Global Water Intelligence (GWI) – Driving innovation for a greener future

Global Water Intelligence (GWI) have released their latest, December 2022, GWI Magazine. The cover of this month’s CTO Outlook section features an interview with Envirogen CEO Joe Higgins on opportunities within green hydrogen and local circular economies. A full copy of the interview is shown below. Alternatively, you can download a full version.

Tackling tricky contaminants is a speciality of Envirogen, which applies innovative solutions across myriad industries and applications. CEO Joe Higgins shares his outlook on the water opportunities within green hydrogen and local circular economies.

What are the main drivers of your water technology strategy?

Developing sustainable solutions that are customer-centric is the key driver of our technology strategy. We are “technology agnostic”. When developing an offer our objective is to provide the optimum solution with the lowest overall costs, including installed capital and operating, over the project’s life. Whole-life costs are often forgotten when considering a solution, but these can be a substantial part of the overall project costs.

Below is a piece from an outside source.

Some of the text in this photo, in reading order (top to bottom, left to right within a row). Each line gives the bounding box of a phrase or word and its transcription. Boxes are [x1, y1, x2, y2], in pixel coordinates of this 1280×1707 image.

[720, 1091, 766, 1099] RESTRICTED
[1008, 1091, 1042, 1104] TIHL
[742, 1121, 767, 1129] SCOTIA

What are the key technology areas you are looking at in your R&D and why?

For our flagship fluidised bed reactor (FBR) technology, we are continuously enhancing the performance of our water remediation systems to reach sub ppb levels of nitrate, perchlorate, selenium, hexavalent chromium and 1,4 dioxane. Over the past two decades, Envirogen’s FBR has successfully treated water and wastewater streams containing contamination from rocket fuel, solvents and toxic metals.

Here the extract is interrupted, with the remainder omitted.